ノリと勢いと謎
◆ 魔神殿・3階 ◆
『それを持ち出してなかったら死体の数が足りないなんてことなかったのに、本当あの時はタイミングが完璧だったわね~♡』
「はひ、完璧でひゅた……」
「あーちゃん、頑張って耐えますのよ……!?」
「がんばう……」
『ばうっ! (ばう?)』
今何をしているか、ですか? セイレーンのローレライちゃんを復活させようと儀式を行っているんです。バビロンちゃんに協力してもらって。素材どの順番で並べるかわかんなかったんで。
あの時、私のアニメイト・ミックスフェティッシュは『一番最悪で聖域消滅だけ』で、『良くて魔神バビロン教会が建つ、かも?』ぐらいの期待値だったらしい。それがこのスキルで稀に起きるワンモアチャンスが発動してしまって、更に素体、死体、呪いのアイテムを要求されたもんで私が馬鹿正直に素体と呪いのアイテムを追加投入、そしてタイミングよく堕天使が死んだんで死体も足りたと。結果的に『まさかまさかの魔神殿が出現!?』っていうバビロンちゃんでも予想外な結果に至ったみたいですね。
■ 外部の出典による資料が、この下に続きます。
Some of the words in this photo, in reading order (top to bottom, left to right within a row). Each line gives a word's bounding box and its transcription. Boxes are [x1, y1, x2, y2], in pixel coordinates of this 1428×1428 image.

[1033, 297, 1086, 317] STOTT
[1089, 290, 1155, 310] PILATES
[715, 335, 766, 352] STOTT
ところで私がなんでバビロンちゃんを目の前にしても倒れないか、ですか? それはですね? トルネーダさんから頂いたスペシャルな飲み物のおかげですね。これ飲んでも大丈夫なんですか? って思ったんですけど、運営に質問のページで質問したら『仮想世界で管理されている状態なので安心安全です。大丈夫ですよ』って返答が来たので、一気に行きましたね。これ、ボスだとか不死だとか関係なく効くんですよ。凄い凄い。状態異常じゃなくて【良い気分】っていうプラス効果なんで、問題ないみたいです。ひっ……っく……。ふふっ……。あ、ちなみに周囲のメンバーはね、ペルちゃんと従者全員ね。他は今忙しいってんで居ないの。
「それじゃ、はい。やりまーす」
『どこに"それじゃ"の要素があったのかしら~……』
「まさか飲むと冷静になるタイプだと思わなかったんだよ……」
「はい。起きろ」
「問答無用で行きましたわねぇ……!?」
なんで、えっと、起こします。セイレーンのローレライさん。はい、起きてくださーい。
『完全復活の為の素材を確認……』
『ヴァルハラの花』
『人魚の肉』
『大量の☆5魔晶石』
『無垢なるダイヤモンド』
『止まらない人魚の心臓』
『白銀の竪琴』
『アンデッド作成が発動し、対象アンデッドを復活させ――――干渉不可。ここは魔神バビロンの支配する魔神殿です』
『女神メルティスからの直接介入は失敗しました。対象アンデッドが復活します』
『★★★セイレーンが貴方の従者になりました。名前を――――名前は【ローレライ】です』
起きたーーー。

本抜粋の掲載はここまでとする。